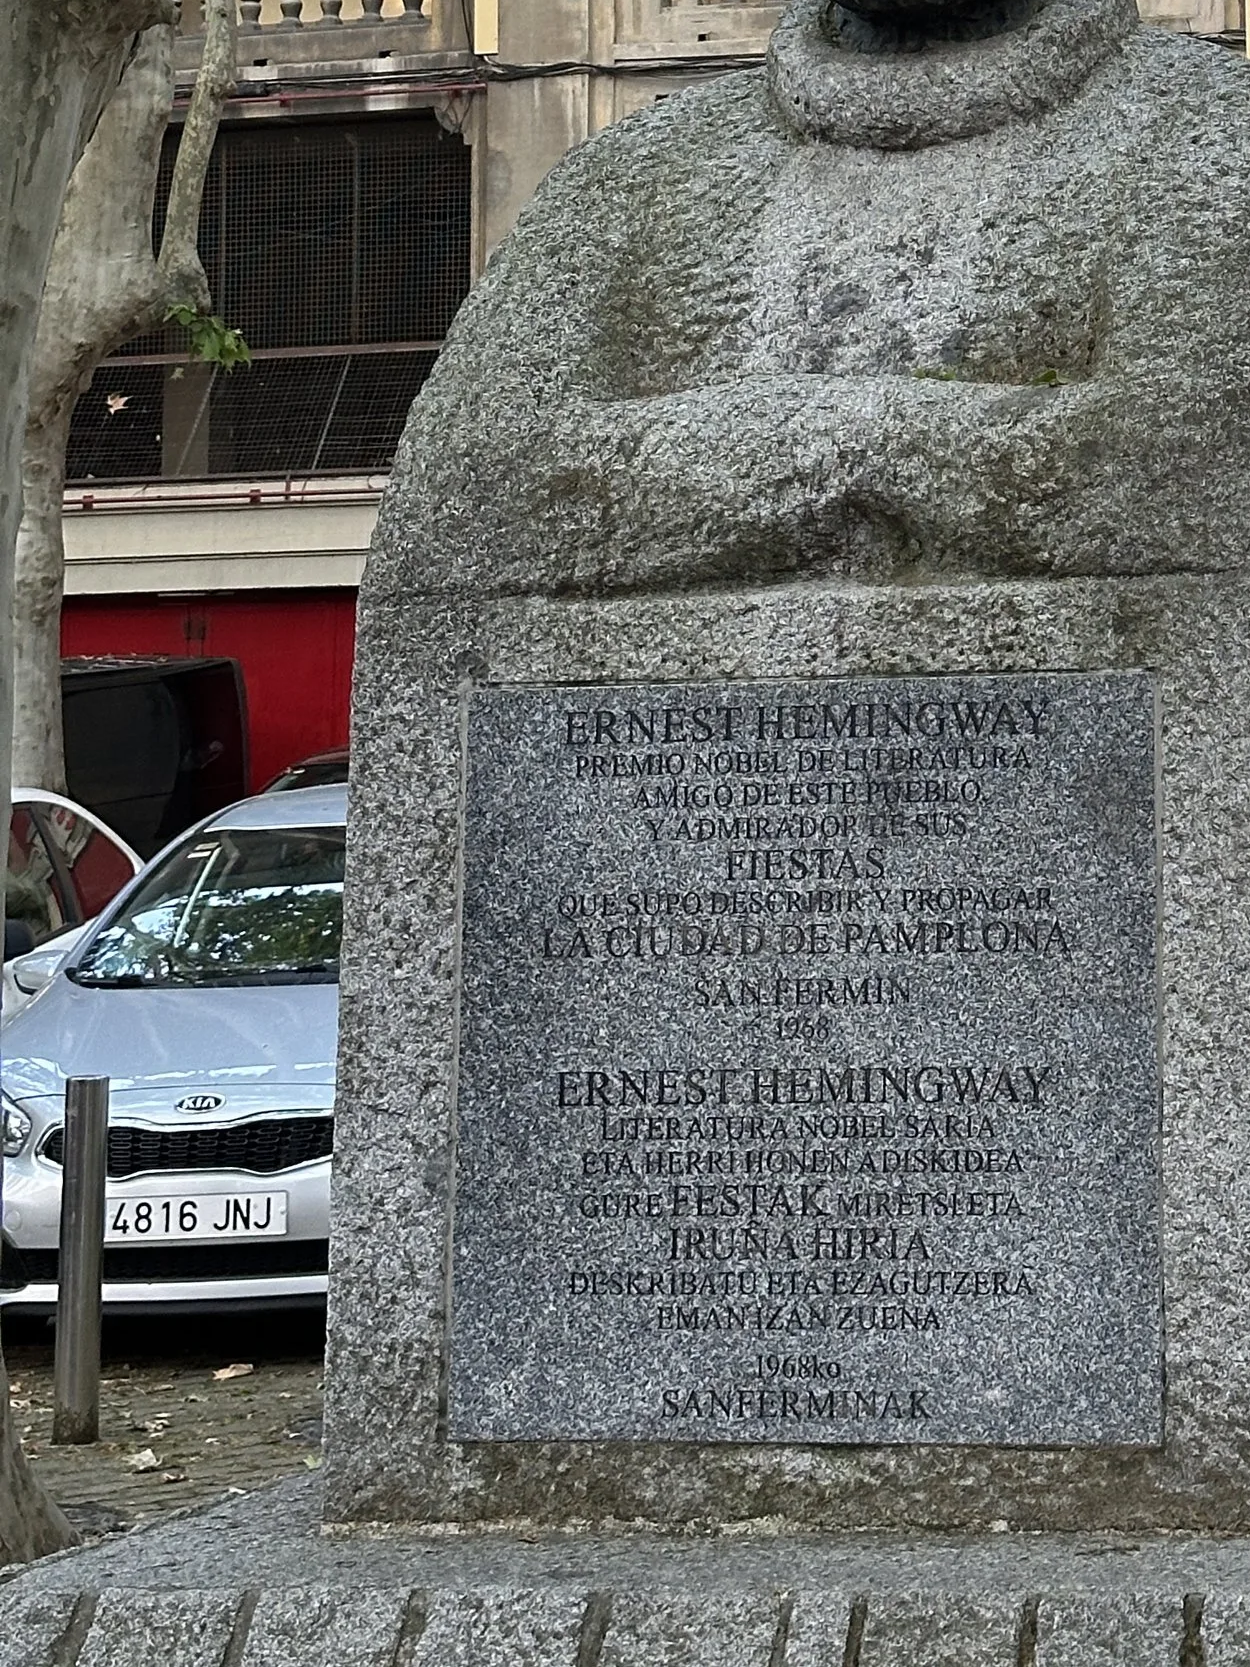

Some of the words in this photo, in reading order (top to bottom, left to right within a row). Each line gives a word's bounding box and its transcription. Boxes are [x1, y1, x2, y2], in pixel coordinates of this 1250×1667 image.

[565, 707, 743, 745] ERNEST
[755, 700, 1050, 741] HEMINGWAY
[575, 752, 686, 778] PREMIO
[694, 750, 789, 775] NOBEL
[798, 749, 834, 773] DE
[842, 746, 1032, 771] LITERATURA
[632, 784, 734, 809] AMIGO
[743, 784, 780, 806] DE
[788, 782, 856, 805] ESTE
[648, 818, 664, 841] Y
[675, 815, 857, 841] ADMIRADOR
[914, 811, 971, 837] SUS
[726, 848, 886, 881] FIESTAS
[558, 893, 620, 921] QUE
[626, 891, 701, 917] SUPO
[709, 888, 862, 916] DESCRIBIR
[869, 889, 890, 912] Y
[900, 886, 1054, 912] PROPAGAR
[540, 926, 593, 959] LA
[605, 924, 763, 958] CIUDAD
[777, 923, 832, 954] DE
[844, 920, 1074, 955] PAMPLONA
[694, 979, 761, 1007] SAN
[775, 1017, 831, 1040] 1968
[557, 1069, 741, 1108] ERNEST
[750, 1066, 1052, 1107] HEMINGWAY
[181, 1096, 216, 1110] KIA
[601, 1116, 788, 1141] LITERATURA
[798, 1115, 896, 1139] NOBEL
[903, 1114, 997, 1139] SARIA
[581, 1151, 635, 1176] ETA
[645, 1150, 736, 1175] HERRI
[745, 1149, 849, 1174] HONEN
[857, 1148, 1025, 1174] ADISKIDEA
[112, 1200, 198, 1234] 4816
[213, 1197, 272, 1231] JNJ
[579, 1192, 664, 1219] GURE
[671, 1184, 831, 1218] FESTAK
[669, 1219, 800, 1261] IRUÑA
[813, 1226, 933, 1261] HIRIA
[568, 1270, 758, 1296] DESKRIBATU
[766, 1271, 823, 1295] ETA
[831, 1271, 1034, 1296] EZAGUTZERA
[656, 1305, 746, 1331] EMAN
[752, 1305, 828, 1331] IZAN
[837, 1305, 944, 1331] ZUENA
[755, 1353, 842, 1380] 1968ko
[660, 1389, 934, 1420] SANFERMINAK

Activity: Print every line of the data exactly. Pictures do not belong in the copy.

Exercise answer:
Some of the words in this photo, in reading order (top to bottom, left to right within a row). Each line gives a word's bounding box and its transcription. Boxes are [x1, y1, x2, y2], in pixel coordinates of this 1250×1667 image.

[565, 707, 743, 745] ERNEST
[755, 700, 1050, 741] HEMINGWAY
[575, 752, 686, 778] PREMIO
[694, 750, 789, 775] NOBEL
[798, 749, 834, 773] DE
[842, 746, 1032, 771] LITERATURA
[632, 784, 734, 809] AMIGO
[743, 784, 780, 806] DE
[788, 782, 856, 805] ESTE
[648, 818, 664, 841] Y
[675, 815, 857, 841] ADMIRADOR
[914, 811, 971, 837] SUS
[726, 848, 886, 881] FIESTAS
[558, 893, 620, 921] QUE
[626, 891, 701, 917] SUPO
[709, 888, 862, 916] DESCRIBIR
[869, 889, 890, 912] Y
[900, 886, 1054, 912] PROPAGAR
[540, 926, 593, 959] LA
[605, 924, 763, 958] CIUDAD
[777, 923, 832, 954] DE
[844, 920, 1074, 955] PAMPLONA
[694, 979, 761, 1007] SAN
[775, 1017, 831, 1040] 1968
[557, 1069, 741, 1108] ERNEST
[750, 1066, 1052, 1107] HEMINGWAY
[181, 1096, 216, 1110] KIA
[601, 1116, 788, 1141] LITERATURA
[798, 1115, 896, 1139] NOBEL
[903, 1114, 997, 1139] SARIA
[581, 1151, 635, 1176] ETA
[645, 1150, 736, 1175] HERRI
[745, 1149, 849, 1174] HONEN
[857, 1148, 1025, 1174] ADISKIDEA
[112, 1200, 198, 1234] 4816
[213, 1197, 272, 1231] JNJ
[579, 1192, 664, 1219] GURE
[671, 1184, 831, 1218] FESTAK
[669, 1219, 800, 1261] IRUÑA
[813, 1226, 933, 1261] HIRIA
[568, 1270, 758, 1296] DESKRIBATU
[766, 1271, 823, 1295] ETA
[831, 1271, 1034, 1296] EZAGUTZERA
[656, 1305, 746, 1331] EMAN
[752, 1305, 828, 1331] IZAN
[837, 1305, 944, 1331] ZUENA
[755, 1353, 842, 1380] 1968ko
[660, 1389, 934, 1420] SANFERMINAK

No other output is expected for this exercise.